**Problem to solve:** The expected output is every line of the data exactly as shown, minus the images.

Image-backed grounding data

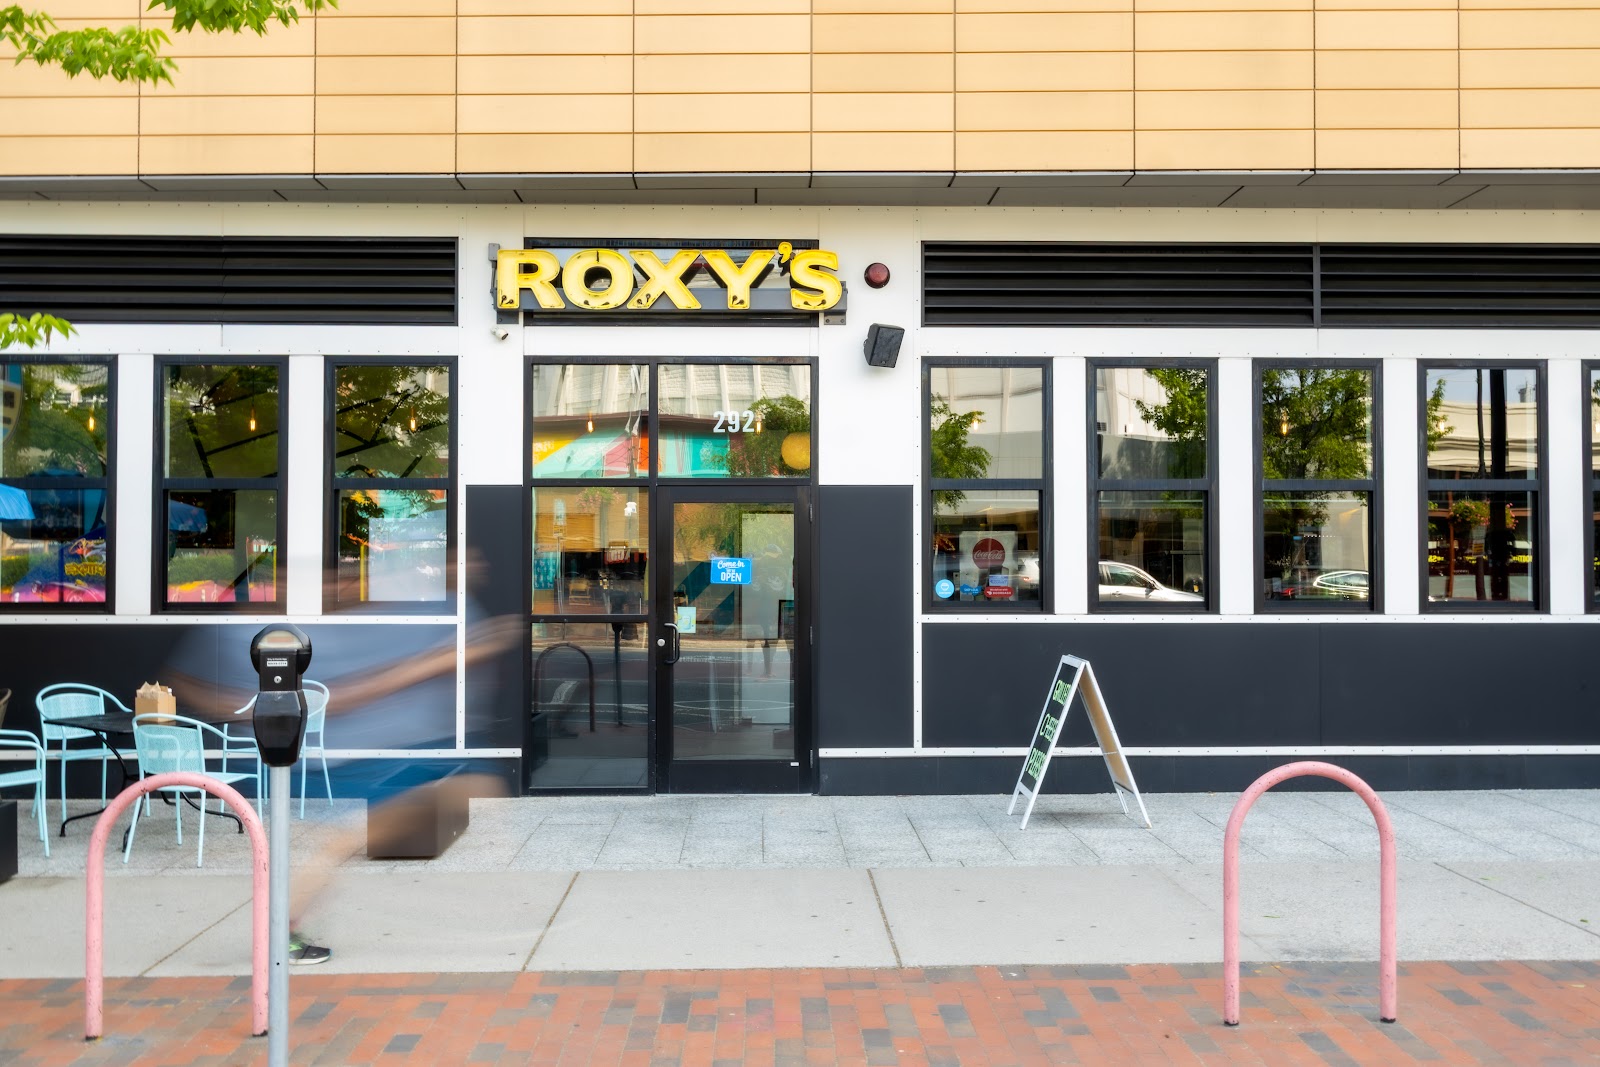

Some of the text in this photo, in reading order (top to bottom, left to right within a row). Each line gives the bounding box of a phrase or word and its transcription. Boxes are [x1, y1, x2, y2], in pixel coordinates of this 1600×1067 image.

[497, 241, 843, 310] ROXY'S
[713, 411, 755, 433] 292
[717, 560, 737, 569] Come
[720, 572, 742, 582] OPEN
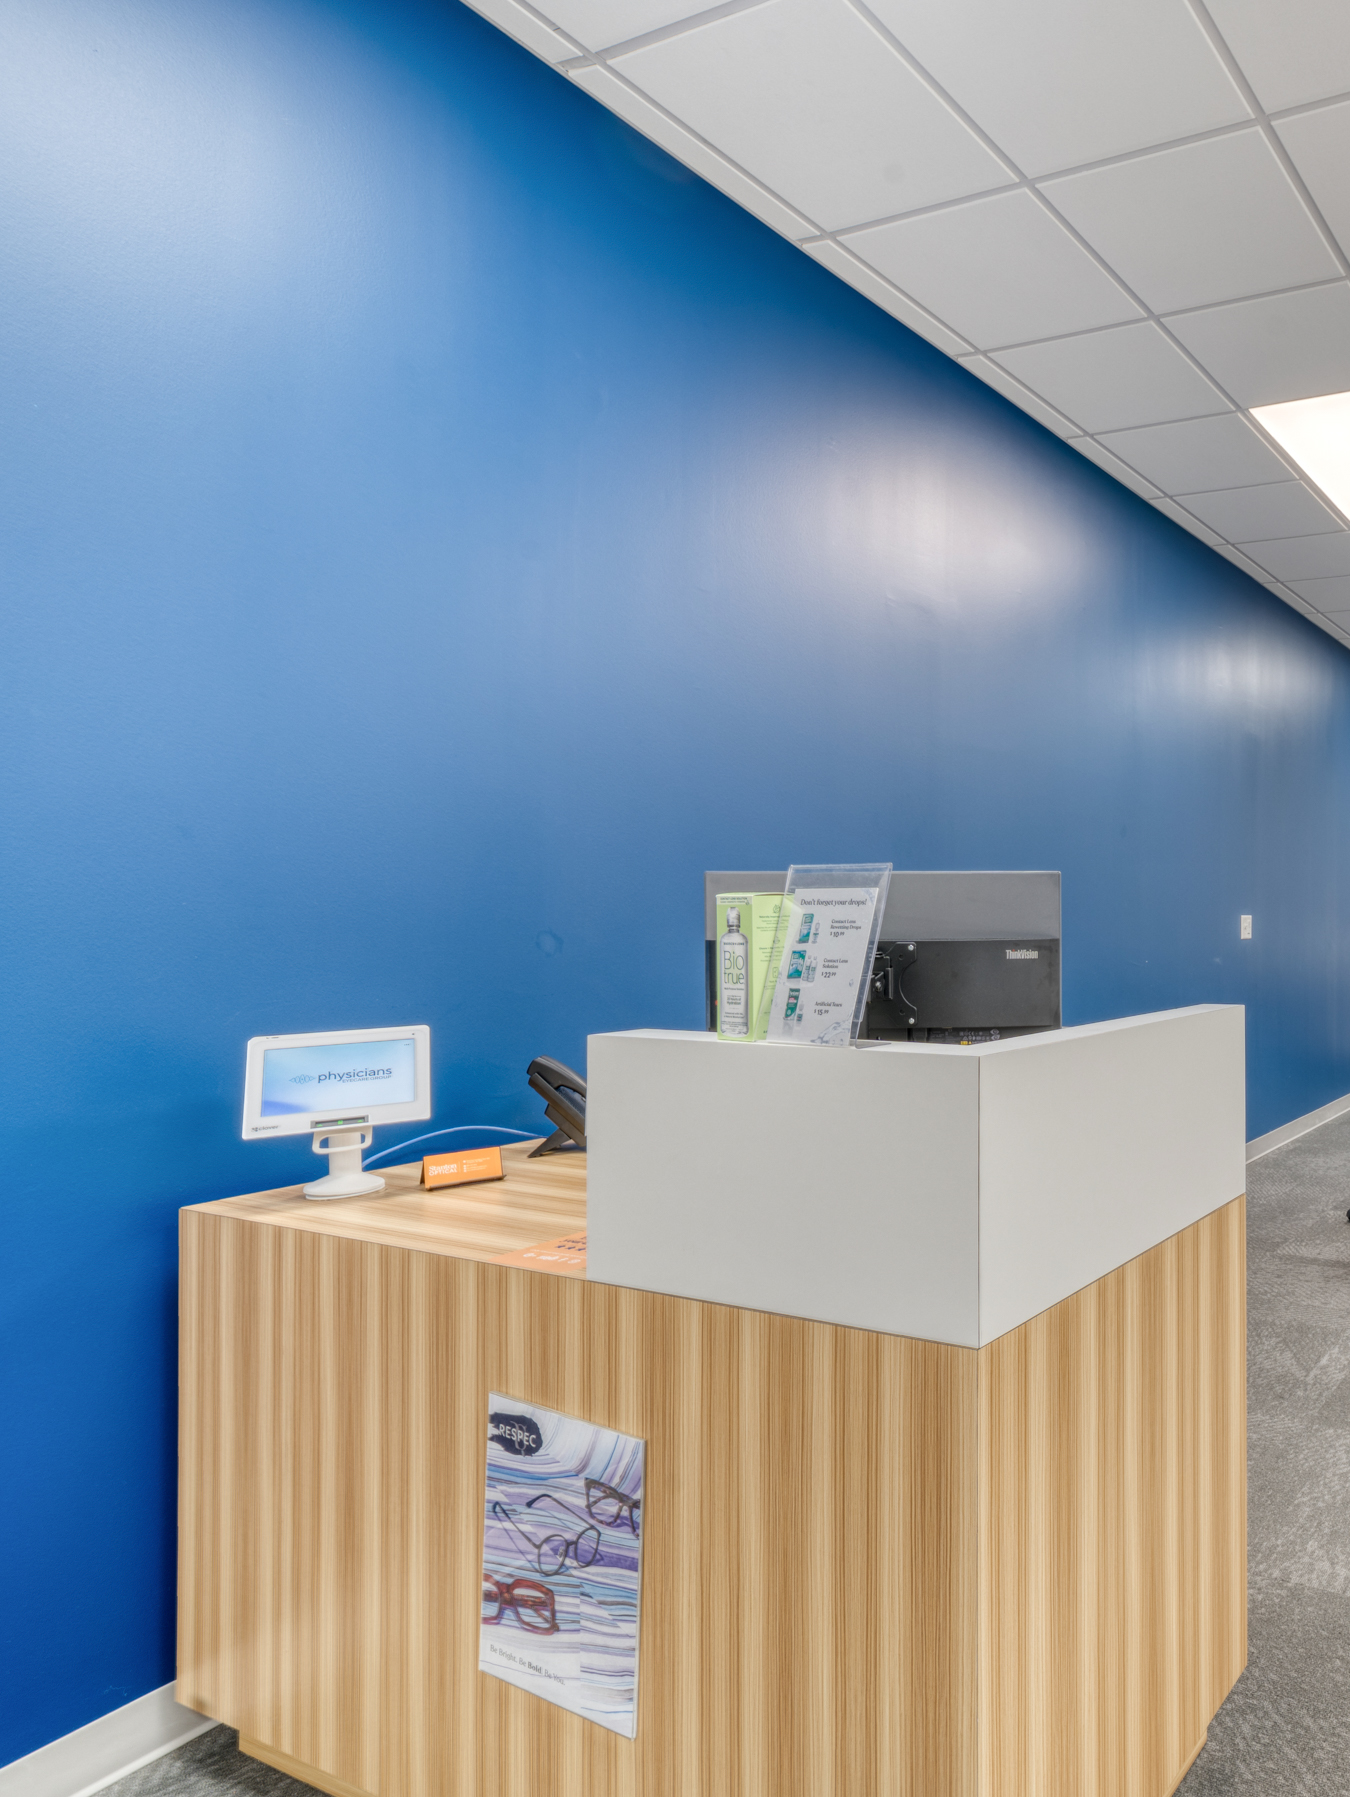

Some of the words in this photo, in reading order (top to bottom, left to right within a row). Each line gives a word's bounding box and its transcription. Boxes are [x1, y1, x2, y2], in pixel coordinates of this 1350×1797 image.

[816, 899, 833, 907] forget
[848, 899, 867, 907] drops!
[723, 951, 745, 970] Bio
[1005, 949, 1039, 960] ThinkVision
[723, 970, 745, 984] true
[317, 1067, 393, 1084] physicians
[428, 1163, 457, 1172] Stanton
[428, 1168, 458, 1176] OPTICAL
[499, 1423, 537, 1448] RESPEC
[490, 1644, 497, 1654] Be
[518, 1657, 527, 1667] Be
[544, 1669, 552, 1679] Be

**Response:**
Some of the text in this photo, in reading order (top to bottom, left to right within a row). Each line gives the bounding box of a phrase or word and its transcription. Boxes are [x1, y1, x2, y2], in pixel coordinates of this 1600×1067 image.

[497, 241, 843, 310] ROXY'S
[713, 411, 755, 433] 292
[717, 560, 737, 569] Come
[720, 572, 742, 582] OPEN

Some of the words in this photo, in reading order (top to bottom, left to right within a row). Each line gives a word's bounding box and its transcription. Boxes are [x1, y1, x2, y2], in pixel coordinates of this 1350×1797 image.

[816, 899, 833, 907] forget
[848, 899, 867, 907] drops!
[723, 951, 745, 970] Bio
[1005, 949, 1039, 960] ThinkVision
[723, 970, 745, 984] true
[317, 1067, 393, 1084] physicians
[428, 1163, 457, 1172] Stanton
[428, 1168, 458, 1176] OPTICAL
[499, 1423, 537, 1448] RESPEC
[490, 1644, 497, 1654] Be
[518, 1657, 527, 1667] Be
[544, 1669, 552, 1679] Be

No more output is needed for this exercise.